Sun, Jul 31, 2016 - Page 16 News List

China slams higher steel tariffs imposed by EU


Beijing has criticized new European tariffs on Chinese steel as “unjustifiable” protectionism coming just weeks after commerce ministers from G20 nations pledged to promote free trade.

The EU on Friday said it had set definitive anti-dumping duties on certain Chinese steel bars at rates higher than initially proposed, following an investigation last year prompted by complaints from European steelmaking association Eurofer.

The announcement drew an immediate response from the Chinese Ministry of Commerce, which said the EU “unfairly” set new tariffs based on higher profit margin targets for European producers.

Fears of a bubbling trade war over steel have dominated G20 talks hosted this year by China. The country — the world’s largest producer and consumer of steel — is looking to host a smooth summit next month in Hangzhou.

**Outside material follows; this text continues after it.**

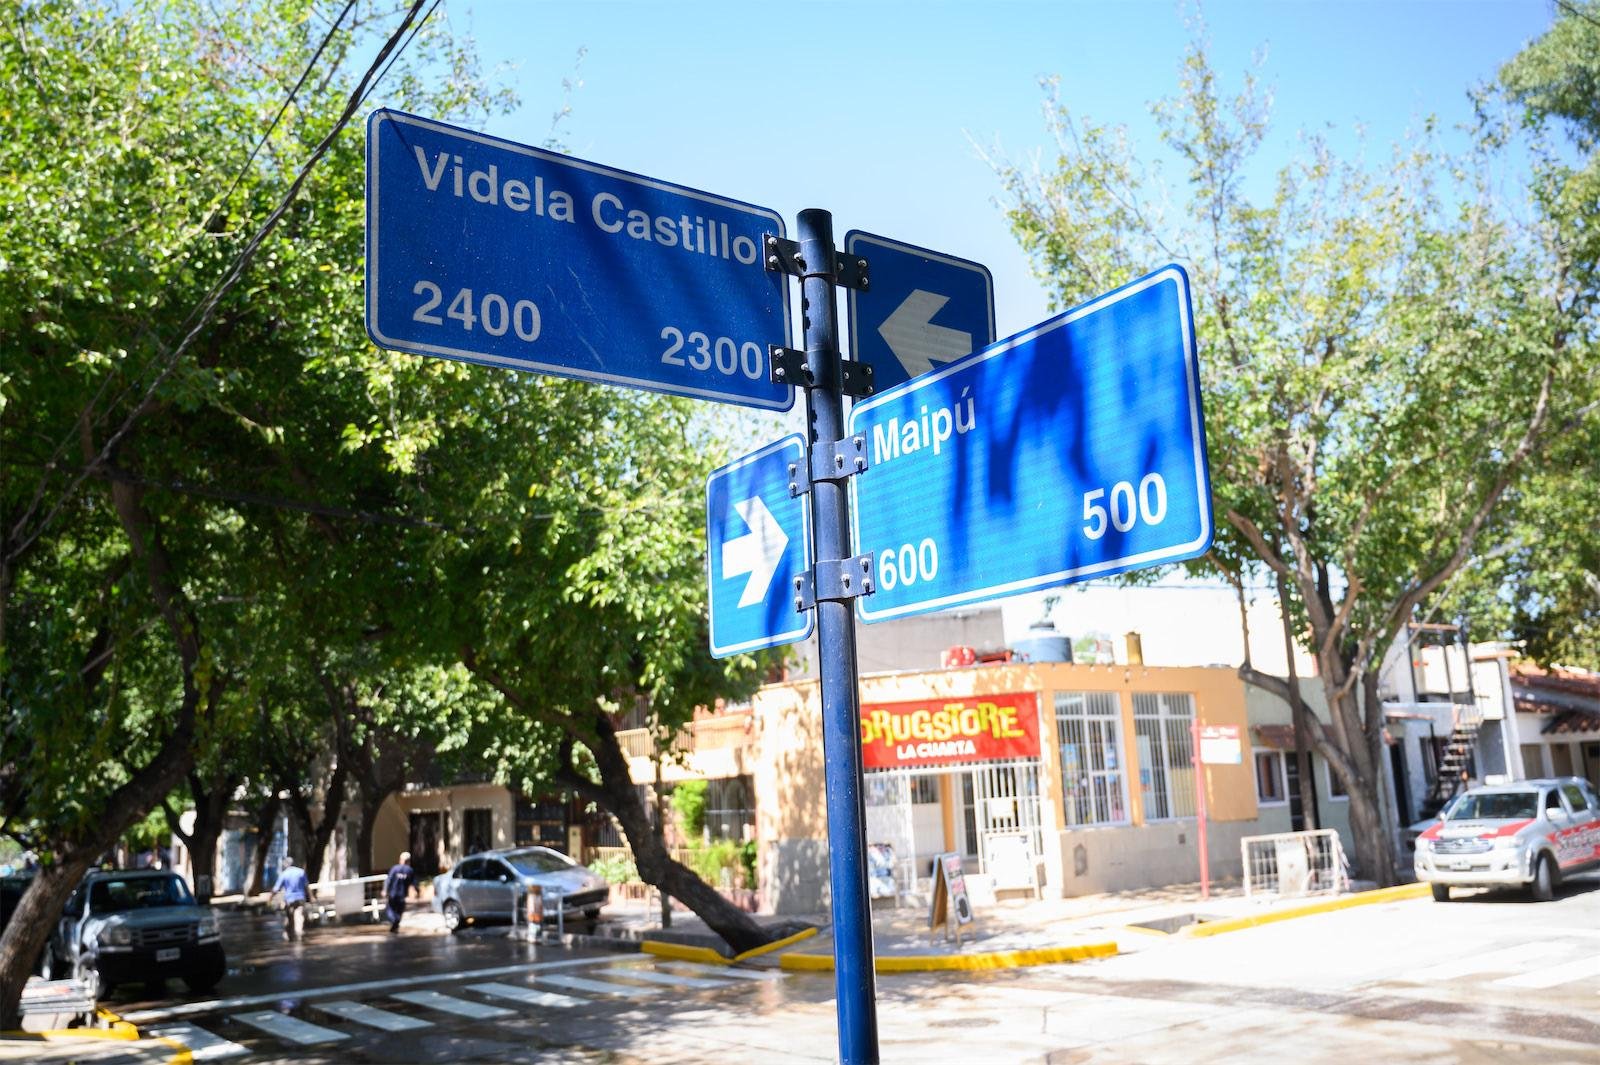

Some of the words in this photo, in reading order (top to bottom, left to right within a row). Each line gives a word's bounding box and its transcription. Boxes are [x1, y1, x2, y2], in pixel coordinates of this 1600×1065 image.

In G20 public communiques issued this year, member nations have sought to appear unified, pledging to work together to cut steelmaking capacity at a time when prices are at 10-year lows and struggling mills are closing from Wales to China’s Hebei Province. Prices have plummeted in recent quarters as China’s decades-long construction boom cools.

However, tensions remain high as European member states and steel producers accuse China of issuing unfair subsidies and flooding global markets at below-market prices. Beijing, meanwhile, has denied the accusations and said it is working to cut capacity even though the central government’s efforts to pare down enormous state-owned steelmakers have met some political obstacles.

In a statement on Friday, the ministry said it “regretted” Europe’s protectionist move after a recently concluded G20 trade ministers’ meeting in Shanghai and called on Brussels to “uphold its commitments and avoid sending the wrong signal to the world.”

China, the EU’s second-largest trading partner, has been seeking “market economy status” from Brussels, which would make it harder for the bloc to impose new anti-dumping tariffs.

EU Commission President Jean-Claude Juncker this month at the EU-China Summit in Beijing said that he would vigorously defend Europe’s steel industry.

He added that the controversy over Chinese steel exports would shape how whether Brussels would give it the market economy designation.